For understanding the heterogeneity of tinnitus, large samples are required. However, investigations on how samples recruited by different methods differ from each other are lacking. In the present study, three large samples each recruited by different means were compared: N = 5017 individuals registered at a self-help web platform for tinnitus (crowdsourcing platform Tinnitus Talk), N = 867 users of a smart mobile application for tinnitus (crowdsensing platform TrackYourTinnitus), and N = 3786 patients contacting an outpatient tinnitus clinic (Tinnitus Center of the University Hospital Regensburg). The three samples were compared regarding age, gender, and duration of tinnitus (month or years perceiving tinnitus; subjective report) using chi-squared tests. The three samples significantly differed from each other in age, gender and tinnitus duration (p < 0.05). Users of the TrackYourTinnitus crowdsensing platform were younger, users of the Tinnitus Talk crowdsourcing platform had more often female gender, and users of both newer technologies (crowdsourcing and crowdsensing) had more frequently acute/subacute tinnitus (<3 months and 4–6 months) as well as a very long tinnitus duration (>20 years). The implications of these findings for clinical research are that newer technologies such as crowdsourcing and crowdsensing platforms offer the possibility to reach individuals hard to get in contact with at an outpatient tinnitus clinic. Depending on the aims and the inclusion/exclusion criteria of a given study, different recruiting strategies (clinic and/or newer technologies) offer different advantages and disadvantages. In general, the representativeness of study results might be increased when tinnitus study samples are recruited in the clinic as well as via crowdsourcing and crowdsensing.

Introduction

Tinnitus is characterized by the perception of a sound without a corresponding external sound source (Baguley et al., 2013; Langguth et al., 2013). A recent review on prevalence rates of tinnitus in 16 countries found that between 5.1% and 42.7% of the population report tinnitus (McCormack et al., 2016). The prevalence rates typically vary depending on the age, the birth cohort (Nondahl et al., 2012; Martinez et al., 2015), and the definition of tinnitus used in the epidemiological study (McCormack et al., 2016). A recent US study found that 9.6% of Americans experienced tinnitus in the last year and that only 49.4% discussed the tinnitus with a physician (Bhatt et al., 2016). In case tinnitus patients seen by physicians are not representative for the whole sample of individuals perceiving tinnitus, the representativeness of studies recruiting patients only in medical practices or hospitals might be limited. In the area of anxiety and depression, for example, researchers found differences between patients contacting an outpatient clinic, patients being treated in an Internet-based clinic, and individuals with anxiety or depressive disorders from a national epidemiological survey (Titov et al., 2010). Another study on Internet-based psychotherapy for depression found that patients recruited by online advertisements differed from patients recruited by newspaper advertisements in demographics and depression severity (Lindner et al., 2015).

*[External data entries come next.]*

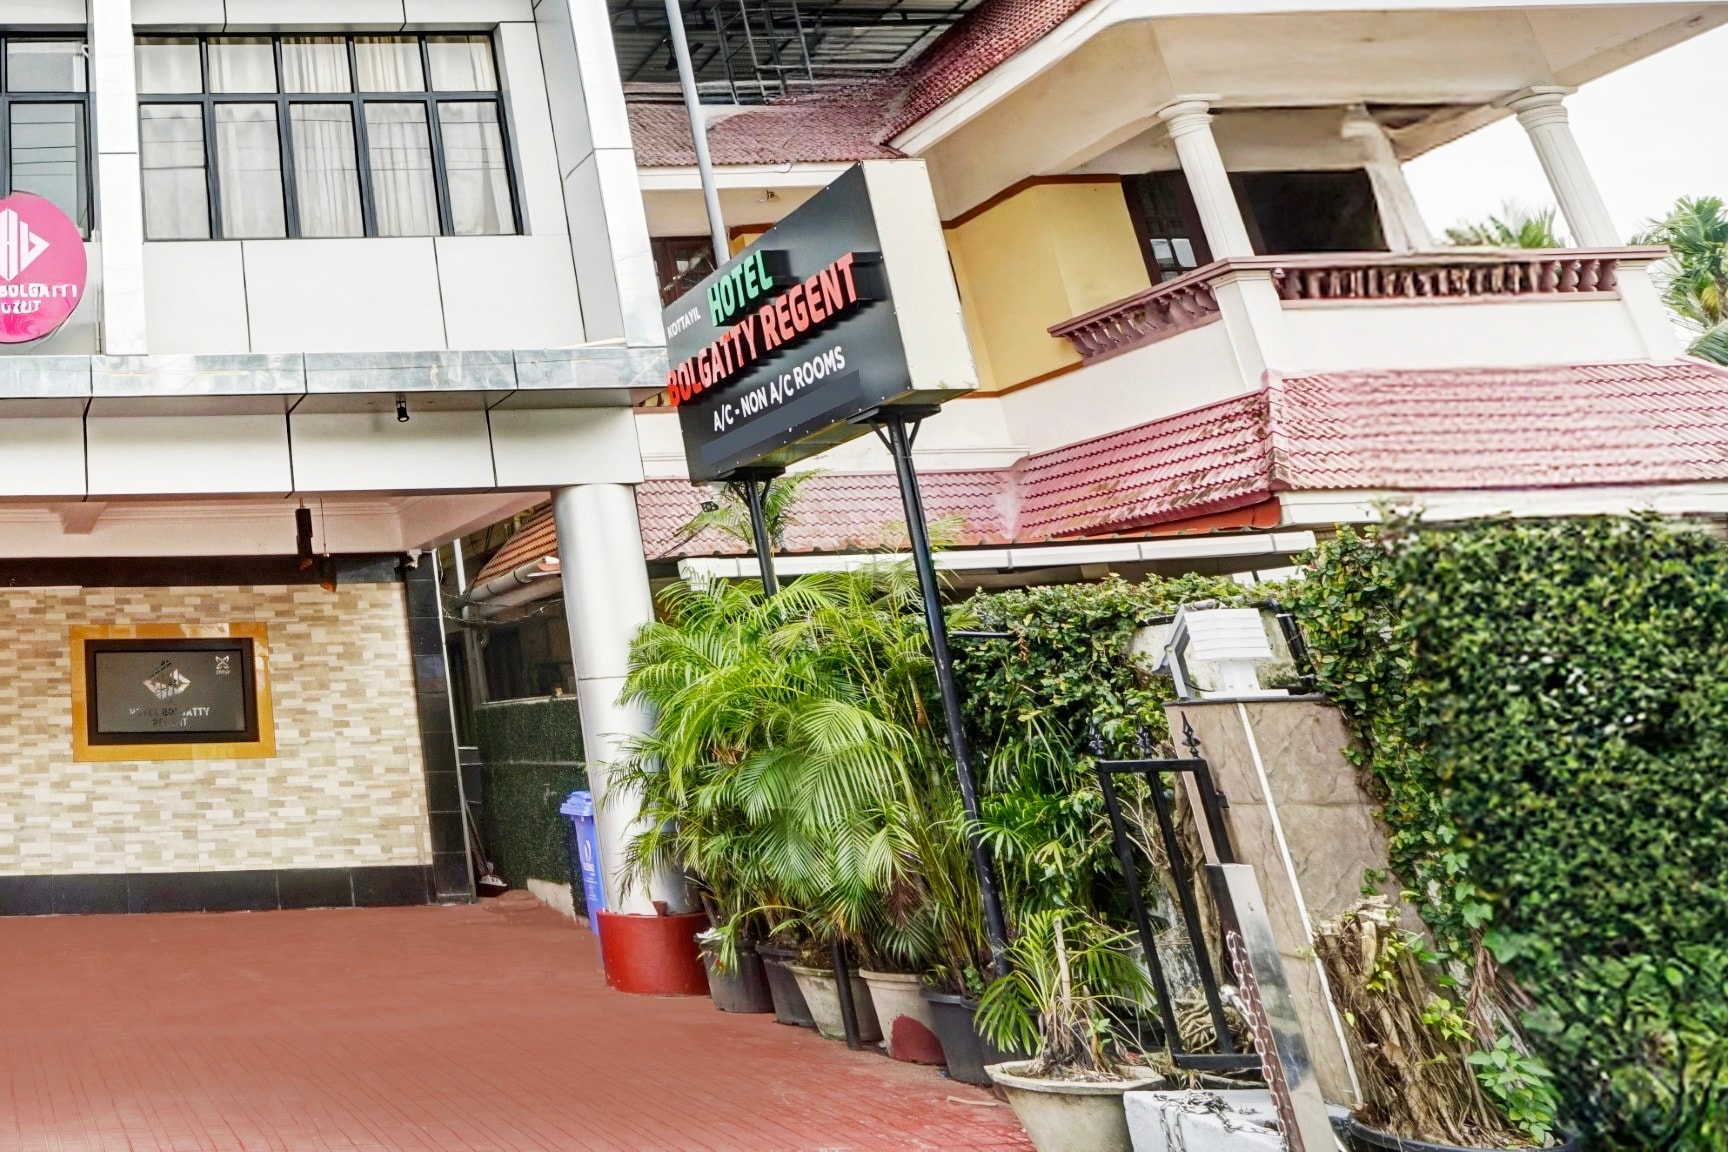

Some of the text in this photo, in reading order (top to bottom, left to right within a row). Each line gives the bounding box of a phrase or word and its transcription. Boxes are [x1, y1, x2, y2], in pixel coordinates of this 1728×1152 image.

[665, 252, 858, 408] BOLGATTY REGENT
[666, 249, 773, 339] KOTTAYIL HOTEL
[713, 404, 734, 432] A/C
[740, 386, 768, 418] NON
[770, 374, 794, 405] A/C
[792, 345, 846, 390] ROOMS

In the case of tinnitus, several patient databases have been established with the aim to better understand the heterogeneity of tinnitus (Meikle, 1997; Landgrebe et al., 2010; Witsell et al., 2011). However, all these databases collect data from patients who present themselves at a tinnitus clinic. For investigating tinnitus heterogeneity, it is of high importance to know how samples recruited by different methods vary and which recruitment methods are most efficient for the recruitment of specific tinnitus subgroups.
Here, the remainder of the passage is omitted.